I worship the God of Heaven who has let the light of this glorious Gospel shine into my heart, and put a fearlessness there that will tell people of their sin and of a way of escape from sin! Little did I know of what God had in store for me when He led me into this gospel. Some time previous to coming into this Gospel, God saved my soul in a miraculous way.

I was raised in a home of unbelief. When I was a little girl, before my feet could touch the floor from the chair, I sat at the table with noted infidels. I heard them tear the old Bible to pieces, and say that God was but a myth and that Jesus was only a man. I used to shake my feet against the chair, and something way down in my heart would say, “I know there is a God.” He would not let me believe what those men were saying.

Before God saved my soul I had longed to know him. I loved Jesus and wanted to serve Him; but I could not do it. I did not have the power. At one time a noted infidel came to southern California, where I had been sent for my health. He heard at the hotel that I was staying there. He knew my people, and he said to me, “Will you play and sing for me?” I replied, “Yes, if I may sing what I like.” He said, “You may sing whatever you like.” The place was packed. I sang:

“Jesus, Lover of my soul,
Let me to thy bosom fly,
While the nearer waters roll,
While the tempter still is High!

Hide me, O my Savior, hide,
‘till the storm of life is past;
Safe into the heaven guide,
Oh, receive my soul at last.”

I did not care what the effect was. I did not care what he said or did. The handkerchiefs came out and the lecture fell flat. He tried to excuse me, but his lecture was spoiled. There is nothing back of infidelity anyway -- I speak as one who knows -- and they did not have the power to stop that old song. I was only a sinner at the time but my heart was reaching out for God. I felt that someway, somehow, He would save my soul and give peace to my troubled heart.

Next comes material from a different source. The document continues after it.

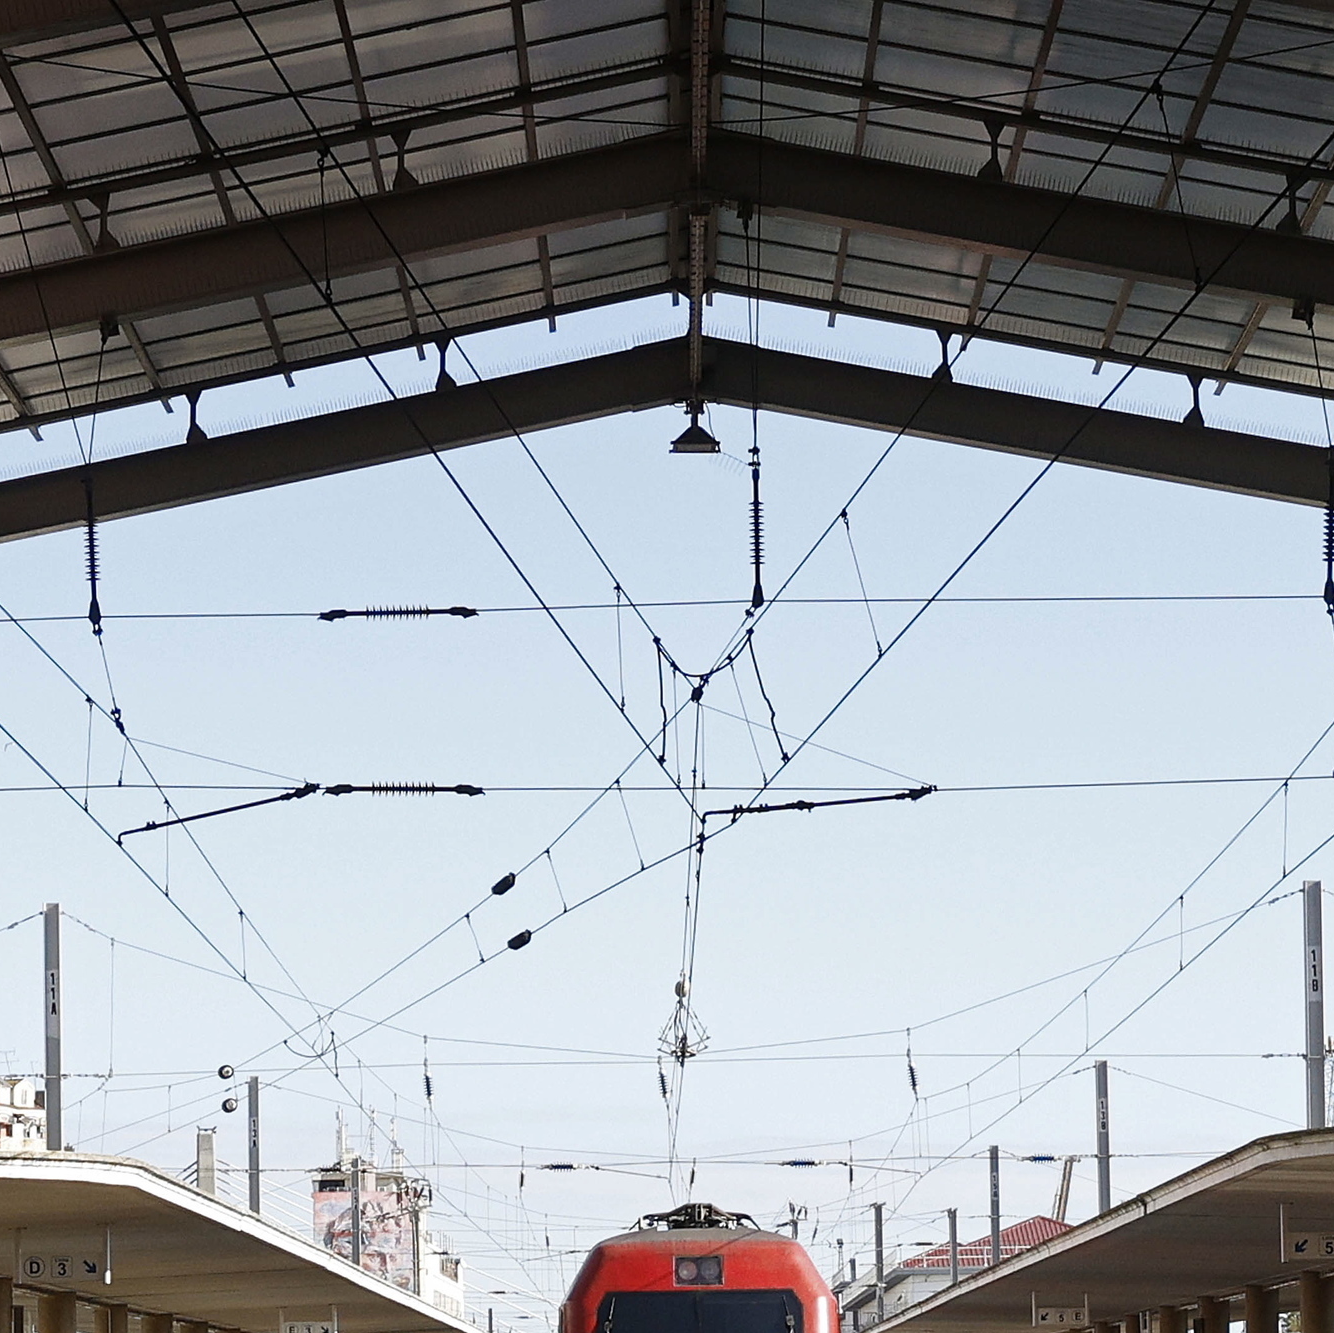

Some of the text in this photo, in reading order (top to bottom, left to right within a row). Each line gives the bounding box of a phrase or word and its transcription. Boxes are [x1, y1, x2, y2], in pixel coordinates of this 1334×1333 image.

[1325, 1242, 1334, 1254] 5
[29, 1261, 67, 1276] D 3
[1059, 1314, 1065, 1322] 5

One night as I was dancing in a ballroom, while a ladies’ orchestra was playing, I heard a voice speak out of Heaven and say, “Daughter, give me thine heart.” I did not know the voice of God the first time and went on in the dance. I loved the world, the fine clothes, the jewelry. Again the voice spake from Heaven, and it seemed that Heaven came down into that ballroom. My feet became heavy and the place was no longer beautiful to me. Again the voice spoke much louder, “Daughter, give Me thine heart!” No one had to tell me it was God, for I knew it was the voice of God. The music died away and I left the ballroom.

I went immediately to my home and began to pray. The enemy of my soul would sweep down upon me like a flood with all the teachings I had had contrary to the word of God. For three days and nights I prayed and wept and wrestled for my salvation, fighting back the power of atheism and infidelity. The enemy would tell me that there was no God, that Jesus was not the Christ, that the Bible was a myth. I would pray until the early hours of the morning -- could hardly eat or sleep. I was praying as much as possible without letting my people know I was searching for God. If ever I realized my soul was a sepulcher of dead men’s bones, I did then. It seamed I could find no peace, and I felt there was no hope for me; but I though: why did God speak out of Heaven if there is no hope?

At last some of my friends said, “We’ll go down to a certain home and have a game of cards tonight.” I knew that near that home lived a little woman who knew how to pray. So I went with them; and after arriving, I said, “I am going over to see a woman for a few minutes.”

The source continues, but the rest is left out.